Please write out the line containing "this 1500×1687 image." and each line after it through the end of the data, exactly, and nothing else.

***** TASK INPUT *****

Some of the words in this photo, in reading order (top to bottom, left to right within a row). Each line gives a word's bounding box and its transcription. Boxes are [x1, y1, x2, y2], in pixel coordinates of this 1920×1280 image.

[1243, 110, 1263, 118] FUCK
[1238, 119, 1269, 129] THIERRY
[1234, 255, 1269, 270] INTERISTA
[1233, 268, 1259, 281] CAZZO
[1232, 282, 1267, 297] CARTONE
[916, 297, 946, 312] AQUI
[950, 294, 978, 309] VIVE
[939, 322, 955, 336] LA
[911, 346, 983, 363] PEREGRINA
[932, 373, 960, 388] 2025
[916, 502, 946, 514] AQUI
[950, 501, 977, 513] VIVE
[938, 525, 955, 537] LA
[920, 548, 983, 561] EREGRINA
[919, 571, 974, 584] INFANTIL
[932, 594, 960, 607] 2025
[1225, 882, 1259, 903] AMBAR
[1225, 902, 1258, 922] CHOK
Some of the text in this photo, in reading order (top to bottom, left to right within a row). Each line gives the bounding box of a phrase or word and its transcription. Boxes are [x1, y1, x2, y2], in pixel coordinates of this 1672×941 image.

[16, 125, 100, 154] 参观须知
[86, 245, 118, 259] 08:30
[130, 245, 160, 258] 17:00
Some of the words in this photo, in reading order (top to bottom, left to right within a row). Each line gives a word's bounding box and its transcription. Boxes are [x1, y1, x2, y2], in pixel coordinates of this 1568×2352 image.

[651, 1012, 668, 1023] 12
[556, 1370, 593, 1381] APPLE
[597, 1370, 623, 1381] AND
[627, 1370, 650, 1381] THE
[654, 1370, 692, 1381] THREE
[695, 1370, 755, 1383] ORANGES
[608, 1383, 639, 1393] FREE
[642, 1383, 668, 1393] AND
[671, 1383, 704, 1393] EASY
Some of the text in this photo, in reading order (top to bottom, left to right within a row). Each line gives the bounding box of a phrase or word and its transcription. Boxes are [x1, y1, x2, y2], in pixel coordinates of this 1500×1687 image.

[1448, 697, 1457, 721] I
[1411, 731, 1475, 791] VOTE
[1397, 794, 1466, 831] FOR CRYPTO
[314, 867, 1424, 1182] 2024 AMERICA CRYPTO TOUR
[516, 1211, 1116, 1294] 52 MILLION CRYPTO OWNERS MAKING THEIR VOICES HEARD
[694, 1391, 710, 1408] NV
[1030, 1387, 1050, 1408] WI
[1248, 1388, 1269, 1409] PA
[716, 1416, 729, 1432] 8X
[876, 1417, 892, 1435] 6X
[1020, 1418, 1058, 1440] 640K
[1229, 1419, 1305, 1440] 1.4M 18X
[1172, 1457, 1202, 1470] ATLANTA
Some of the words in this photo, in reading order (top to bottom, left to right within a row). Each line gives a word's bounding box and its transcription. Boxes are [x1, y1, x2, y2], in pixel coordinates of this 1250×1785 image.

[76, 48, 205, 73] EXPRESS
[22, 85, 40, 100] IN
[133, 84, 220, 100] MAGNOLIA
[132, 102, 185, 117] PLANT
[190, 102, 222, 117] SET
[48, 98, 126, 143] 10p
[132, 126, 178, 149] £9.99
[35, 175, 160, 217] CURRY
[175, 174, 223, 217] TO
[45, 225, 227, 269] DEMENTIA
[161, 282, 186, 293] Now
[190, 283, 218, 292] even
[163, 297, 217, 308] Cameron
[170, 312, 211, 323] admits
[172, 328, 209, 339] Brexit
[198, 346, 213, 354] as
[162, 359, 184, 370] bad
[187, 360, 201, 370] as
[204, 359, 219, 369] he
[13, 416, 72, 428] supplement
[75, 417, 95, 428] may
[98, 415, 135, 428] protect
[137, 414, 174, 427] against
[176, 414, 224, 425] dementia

*****

- **ANSWER TO THIS EXERCISE**
Some of the text in this photo, in reading order (top to bottom, left to right within a row). Each line gives the bounding box of a phrase or word and its transcription. Boxes are [x1, y1, x2, y2], in pixel coordinates of this 1500×1687 image.

[1448, 697, 1457, 721] I
[1411, 731, 1475, 791] VOTE
[1397, 794, 1466, 831] FOR CRYPTO
[314, 867, 1424, 1182] 2024 AMERICA CRYPTO TOUR
[516, 1211, 1116, 1294] 52 MILLION CRYPTO OWNERS MAKING THEIR VOICES HEARD
[694, 1391, 710, 1408] NV
[1030, 1387, 1050, 1408] WI
[1248, 1388, 1269, 1409] PA
[716, 1416, 729, 1432] 8X
[876, 1417, 892, 1435] 6X
[1020, 1418, 1058, 1440] 640K
[1229, 1419, 1305, 1440] 1.4M 18X
[1172, 1457, 1202, 1470] ATLANTA
Some of the words in this photo, in reading order (top to bottom, left to right within a row). Each line gives a word's bounding box and its transcription. Boxes are [x1, y1, x2, y2], in pixel coordinates of this 1250×1785 image.

[76, 48, 205, 73] EXPRESS
[22, 85, 40, 100] IN
[133, 84, 220, 100] MAGNOLIA
[132, 102, 185, 117] PLANT
[190, 102, 222, 117] SET
[48, 98, 126, 143] 10p
[132, 126, 178, 149] £9.99
[35, 175, 160, 217] CURRY
[175, 174, 223, 217] TO
[45, 225, 227, 269] DEMENTIA
[161, 282, 186, 293] Now
[190, 283, 218, 292] even
[163, 297, 217, 308] Cameron
[170, 312, 211, 323] admits
[172, 328, 209, 339] Brexit
[198, 346, 213, 354] as
[162, 359, 184, 370] bad
[187, 360, 201, 370] as
[204, 359, 219, 369] he
[13, 416, 72, 428] supplement
[75, 417, 95, 428] may
[98, 415, 135, 428] protect
[137, 414, 174, 427] against
[176, 414, 224, 425] dementia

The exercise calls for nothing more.